One big soccer partner Polymarket does not have is the World Cup, which in April announced a deal with little-known ADI PredictStreet. That company is owned by the Abu Dhabi royal family—the largest and wealthiest of the UAE’s seven emirates—and is run by an executive who settled insider trading charges with the Indian government last year. Polymarket and Kalshi both reportedly balked at the World Cup’s reported asking price of around $150 million, sources tell FOS.
“We would have loved to partner with FIFA and the World Cup,” Borod says. “In terms of what the ultimate price was, I’m not sure.”
For Serie A, the deal with Polymarket is part of a push to gain more notoriety in the U.S. “The United States represents a key growth market for Serie A,” marketing and commercial director Michele Ciccarese said in a statement.
Cultivating Controversy
Polymarket, led by founder Shayne Coplan, has long been a controversial company. It was pushed offshore under a settlement with the Joe Biden–era Commodity Futures Trading Commission (CFTC) reached in January 2022, before being allowed back into the U.S. last year. Its U.S. app, which had featured a waiting list for months, opened to all U.S. users earlier this month.
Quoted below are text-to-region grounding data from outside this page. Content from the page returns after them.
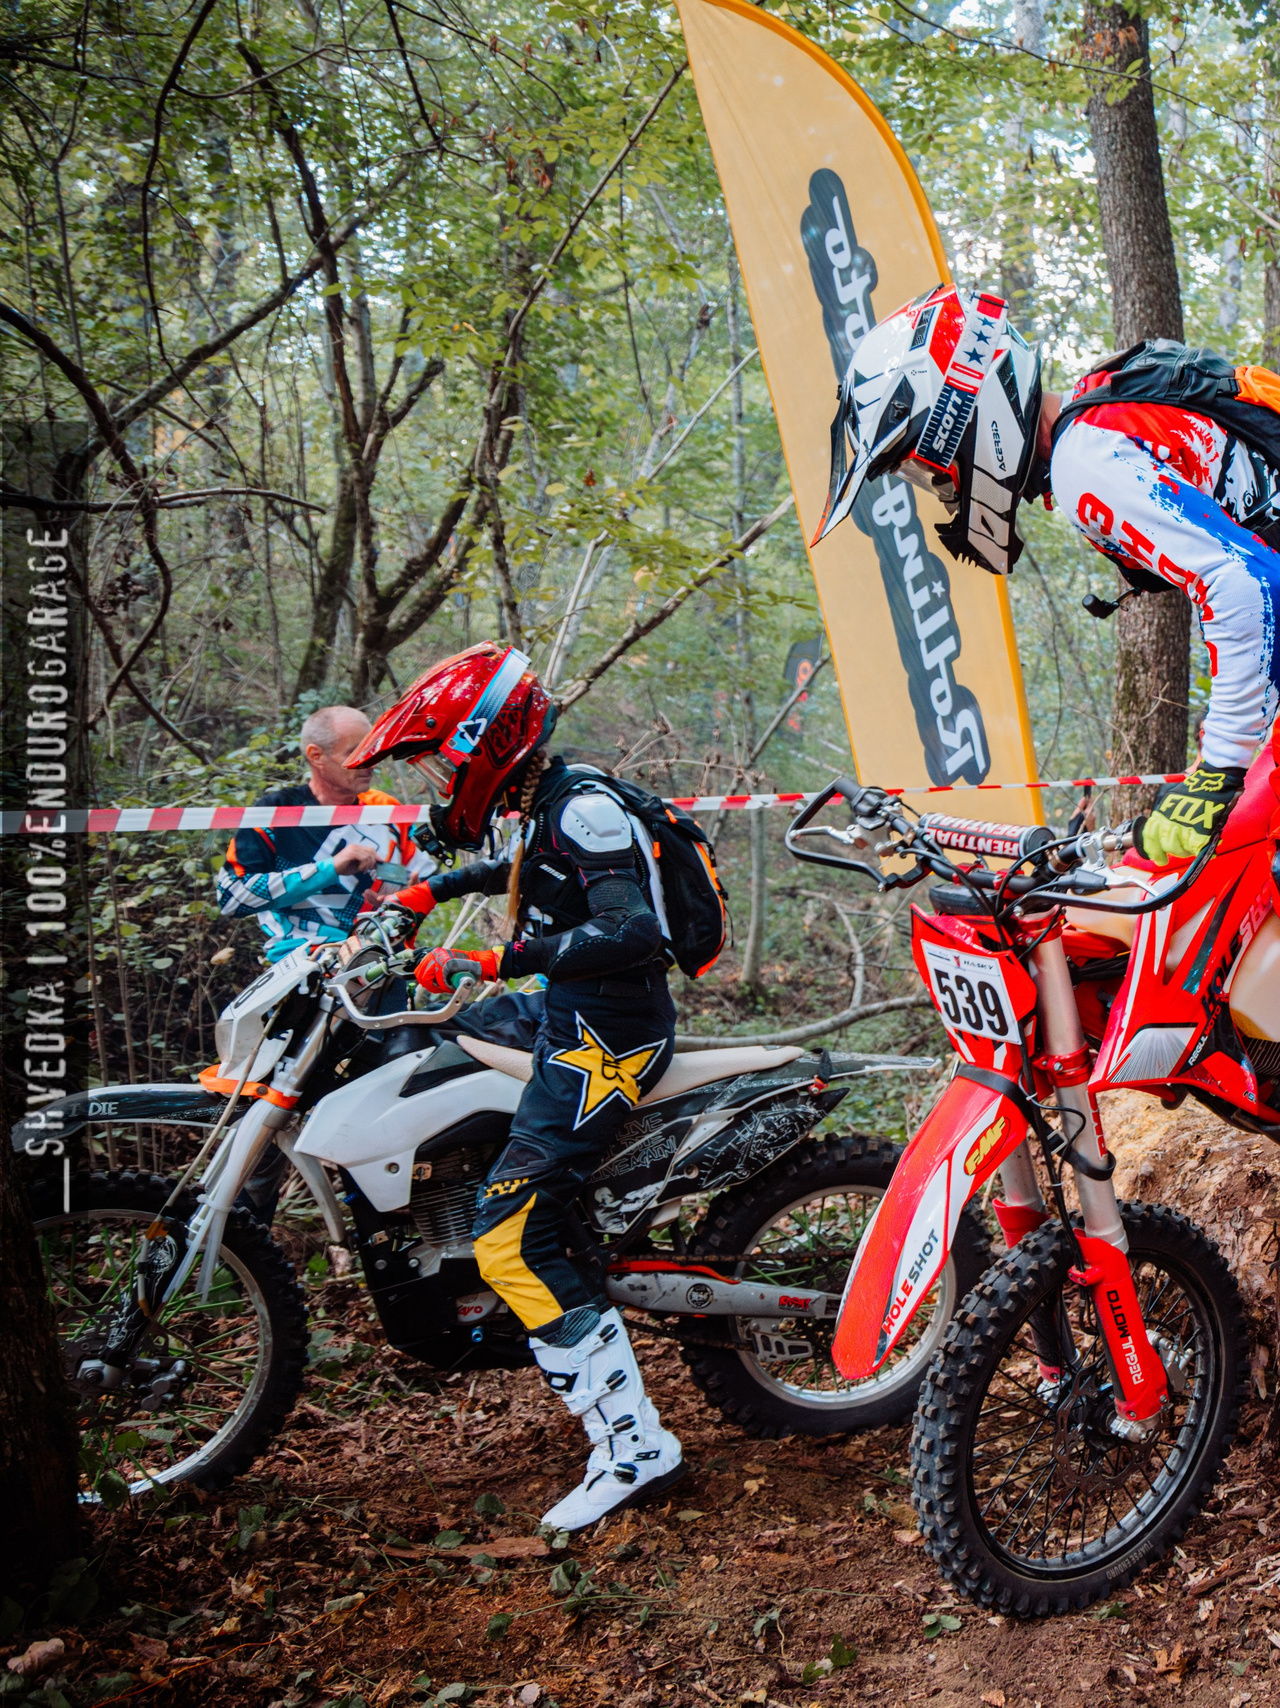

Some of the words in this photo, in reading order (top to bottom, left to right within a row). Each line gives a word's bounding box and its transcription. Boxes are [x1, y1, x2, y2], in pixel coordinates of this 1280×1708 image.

[931, 390, 964, 454] SCOTT
[1160, 794, 1225, 829] FOX
[934, 968, 1009, 1037] 539
[1187, 1004, 1222, 1067] REGULMOTO
[88, 1102, 119, 1117] DIE
[964, 1115, 1007, 1177] FMF
[881, 1227, 940, 1336] HOLESHOT
[1106, 1289, 1145, 1387] REGULMOTO
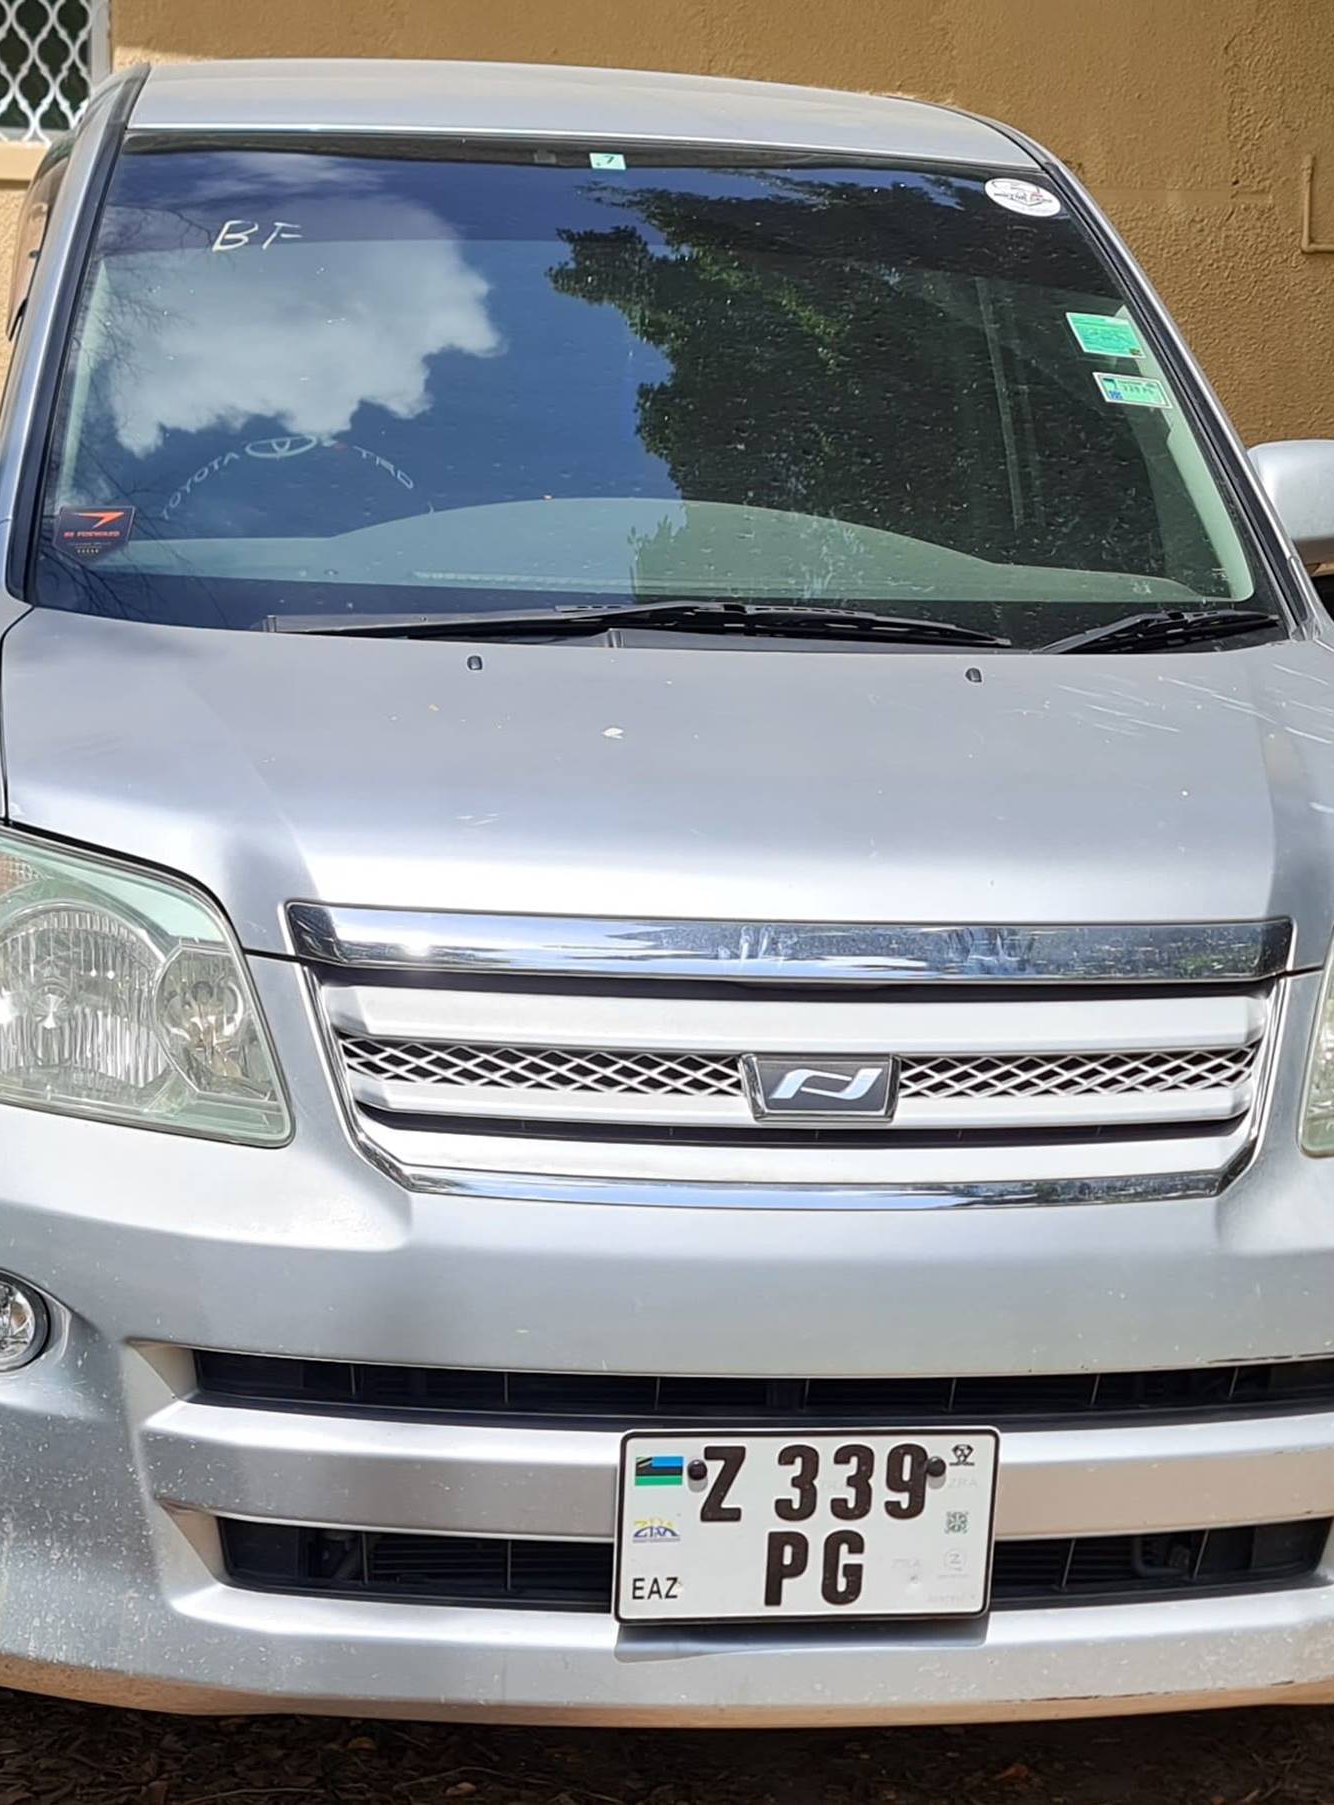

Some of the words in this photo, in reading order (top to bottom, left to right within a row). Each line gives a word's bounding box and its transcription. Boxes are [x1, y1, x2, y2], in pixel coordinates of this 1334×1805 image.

Its offshore platform was allegedly used by a U.S. soldier who last month was indicted over claims he used inside information to make more than $400,000 trading on when the U.S. military would capture Venezuelan president Nicolás Maduro. There have also been viral articles about its “elusive” Panamanian headquarters and the eccentricities of Coplan, which reportedly include showing up late to meetings.
Borod says Polymarket doesn’t pay much attention to the noise.
“No, it does not have a particular impact,” he tells FOS. “You can’t believe everything you read in the press.”
Prediction markets in general have also garnered plenty of controversy since the beginning of last year, when Polymarket rival Kalshi began offering sports event contracts on its platform. Sports have become one of the biggest drivers of activity across prediction markets, and Polymarket has seized on the trend. It has non-soccer agreements with the NHL, MLB, and UFC—FOS reported that Polymarket’s deal with MLB is worth up to $300 million over four years.
Serie A has not been immune to controversy either. On Thursday, The Washington Post reported there is chaos with the schedule due to overlap with a tennis tournament: “With just three days to go until the start of the penultimate round of Serie A fixtures, half the teams do not know when their matches will be played.”
In April, The Telegraph reported that a number of Serie A players, including those from Inter Milan and Juventus, were involved in a prostitution ring, and that one of the women became pregnant following a party where people were using nitrous oxide.